Sebab itu maka jika ingin hendak mengetahui kekayaan Allah pandanglah dengan penuh pemikiran dan perasaan keadaan manusia ataupun alam yang di keliling manusia. Tepatlah ujung ayat 23 itu.
“Maka Kamilah yang sebaik-baik yang menentukan."
Ayat 24
“Celaka besanlah pada hari itu bagi orang-orang yang mendustakan."
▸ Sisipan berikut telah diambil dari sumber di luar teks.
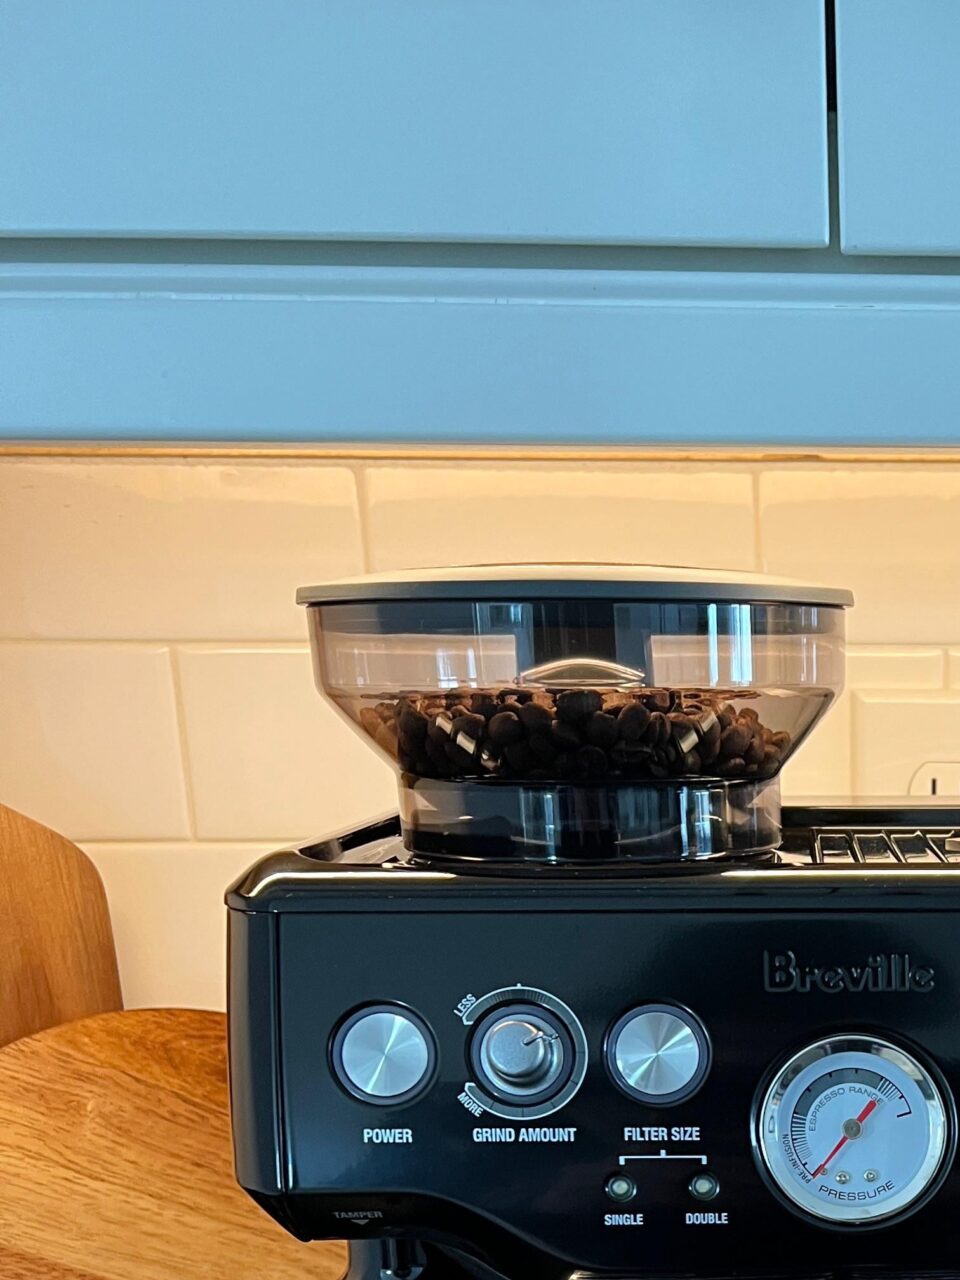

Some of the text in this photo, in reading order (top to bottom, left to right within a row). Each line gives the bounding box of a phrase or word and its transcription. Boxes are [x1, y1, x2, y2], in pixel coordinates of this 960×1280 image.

Mereka akan mendapat celaka besar, masuk neraka wailun di hari Kiamat itu karena mereka tidak mempergunakan pikiran dengan sebaik-baiknya. Nikmat Allah diterimanya, tetapi pikirannya tidak berjalan. Kalau pikiran berjalan, terutama memikirkan diri sendiri, atau memikirkan sesudah kawin dengan seorang perempuan, beberapa bulan kemudian diberi Allah putra. Terbentang di hadapan matanya I'tibar, yaitu sesuatu yang patut jadi buah pikiran, namun kejadian itu lalu demikian saja. Alangkah hinanya!